5. Blake #4
He shoves again, but I step into it, ready to swing.
The ref’s whistle cuts through, and thank the lord, Foster’s sent off.
I breathe out. That really was about to blow up.
Thumper’s back.
He slaps gloves with Davis, eyes blazing.
“Let’s finish this,” he mutters, voice like gravel.
Next shift, we push, and the puck tumbles loose near my skates. I lock eyes with Brody. Send it.
Fuck... the pass misses. Shit!
But no one touches it, and somehow, don’t ask me how, it slides straight between the goalie’s legs.
“brRRROOONNNK!” GOAL. 2-2.
Bishy skates past, shaking his head like he can’t believe it. “That wasn’t even YOUR shot, you lucky bastard!”
The arena gasps in a beat of stunned silence.
Then we explode, gloves raised, fists in the air, we pound each other’s backs.
But we can’t breathe yet. Twenty seconds to go, and the Stormhawks rush one final time. Their winger curls and shoots.

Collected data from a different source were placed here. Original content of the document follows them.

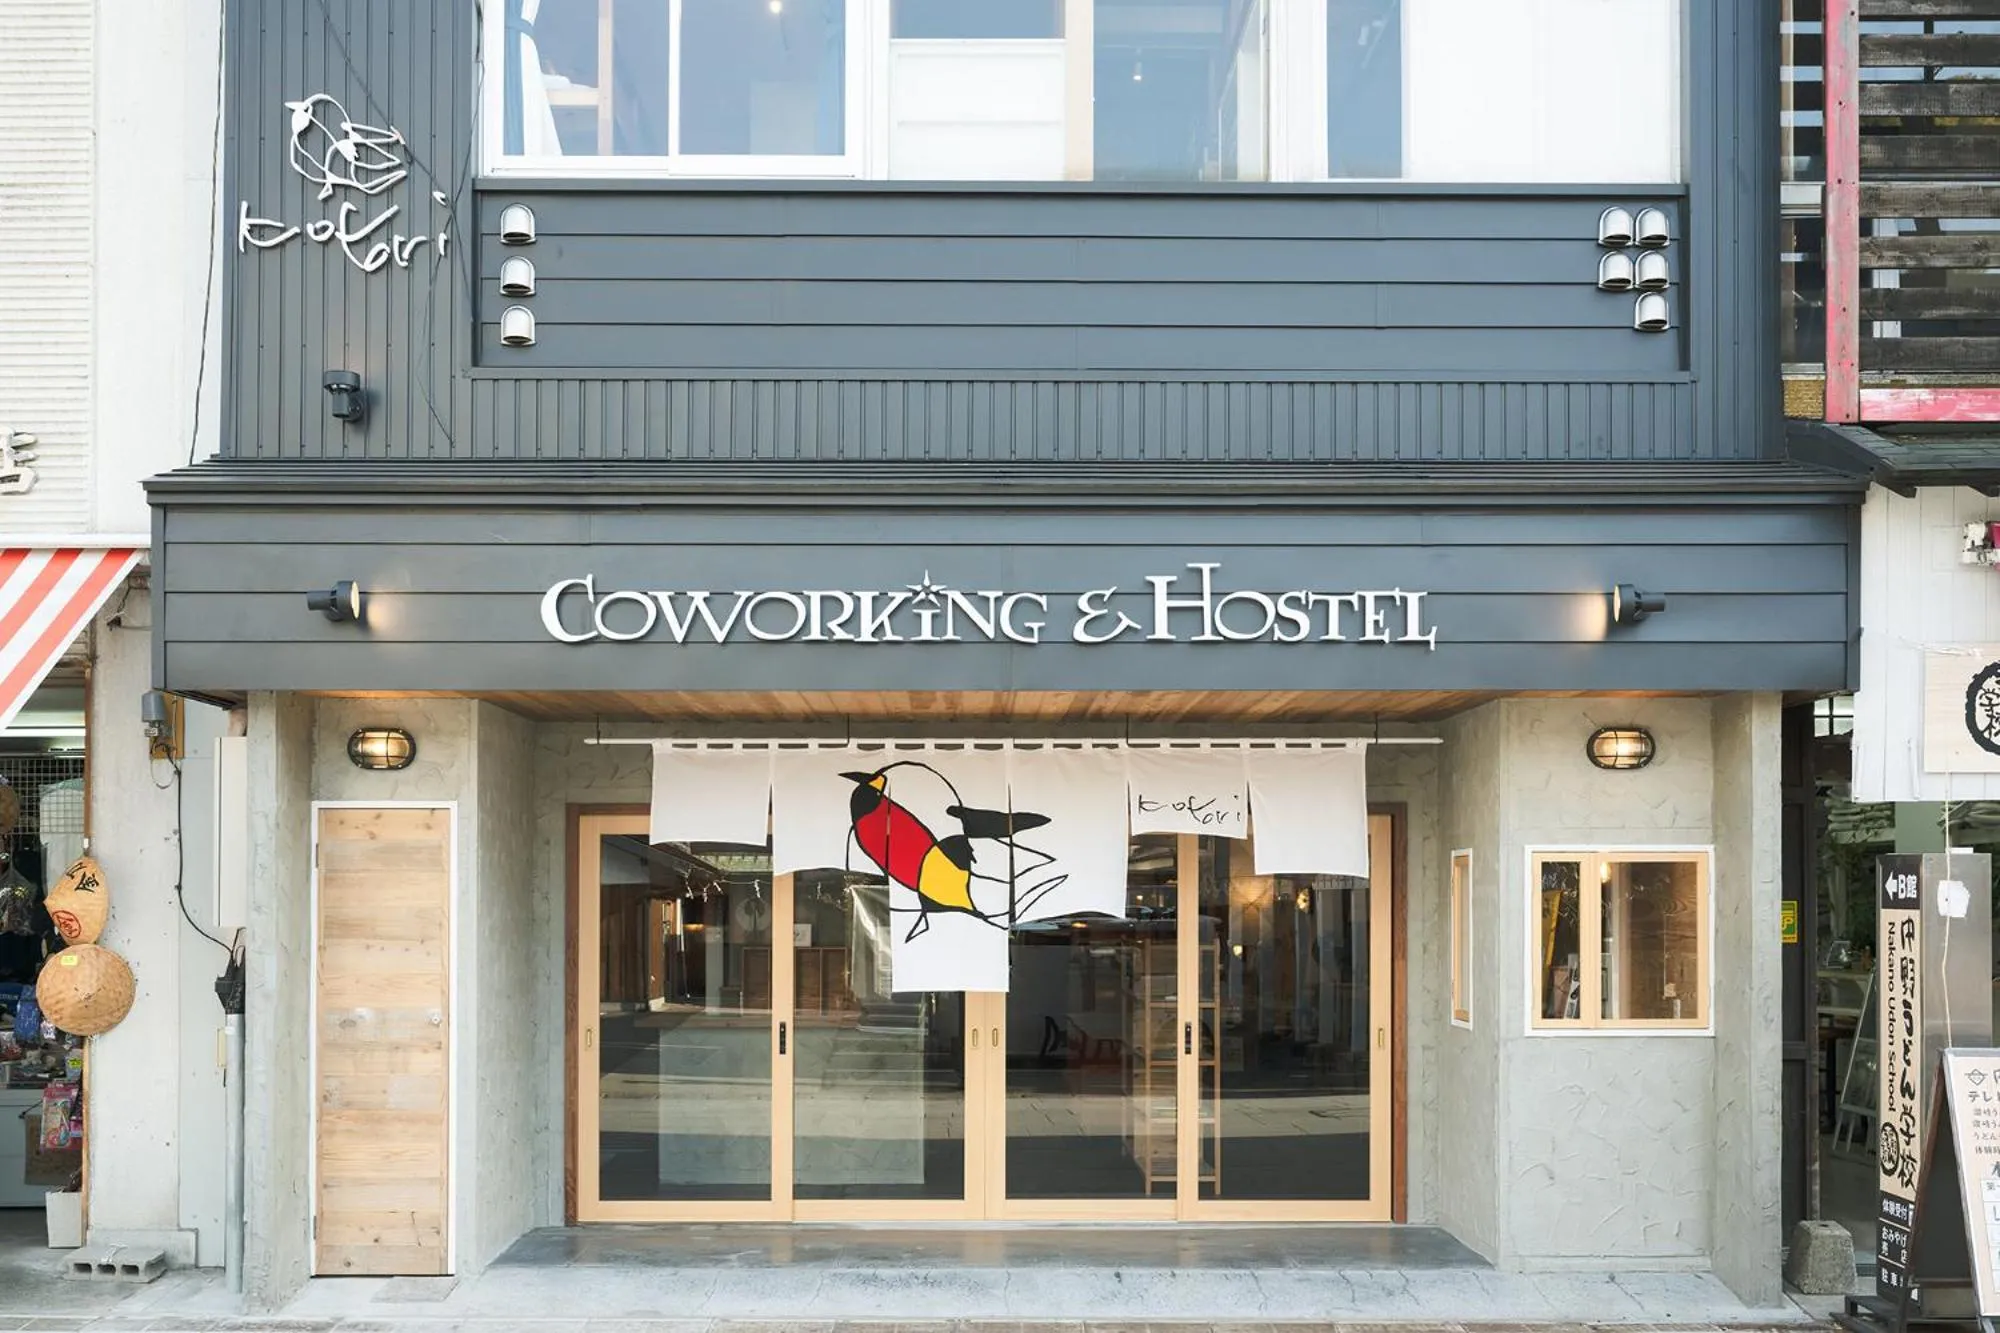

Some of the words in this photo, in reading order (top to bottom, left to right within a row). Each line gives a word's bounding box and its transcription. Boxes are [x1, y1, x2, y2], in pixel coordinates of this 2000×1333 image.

[1071, 585, 1142, 644] &
[1144, 561, 1438, 651] HOSTEL
[1887, 921, 1897, 993] Nakano
[1887, 996, 1897, 1046] Udon
[1887, 1050, 1897, 1113] School
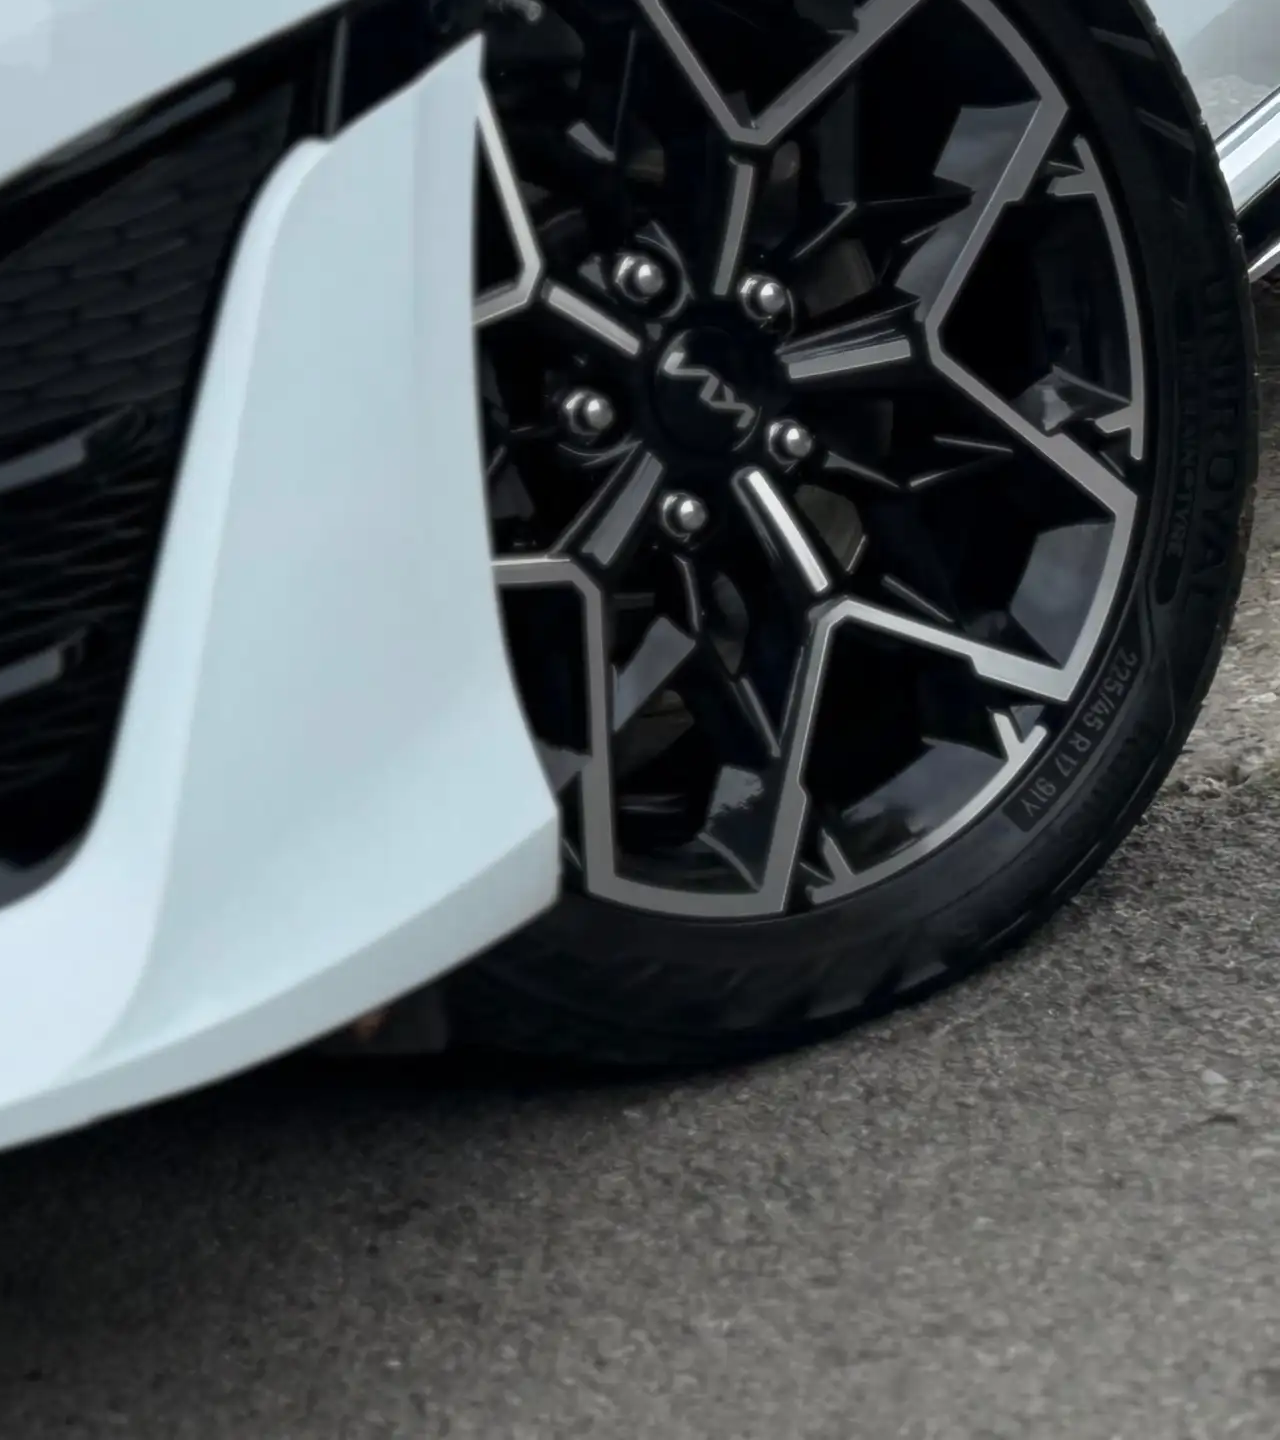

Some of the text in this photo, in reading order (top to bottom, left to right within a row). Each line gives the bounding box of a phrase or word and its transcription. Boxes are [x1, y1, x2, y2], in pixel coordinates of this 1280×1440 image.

[1081, 645, 1139, 731] 225/45
[1068, 732, 1092, 753] R
[1054, 750, 1079, 778] 17

Their winger curls, shoots.
McAvoy dives.
Too late.
“brRRROOONNNK!” 2-3.
NO!
I freeze as the ref blows the final whistle, the arena erupts, and they win.
The Stormhawks swarm at the bench, sticks raised and gloves flying.
We skate off, just us and the cold crawl back to the tunnel. My helmet is in my hand. Sweat is freezing on my neck, and the taste of defeat is as bitter as blood.
Nobody speaks. Not one word. Just the hollow drag of skates on concrete, and the click of a stick tapping the ground. We file through the corridor, heads low, our jerseys clinging to our backs like dead weight.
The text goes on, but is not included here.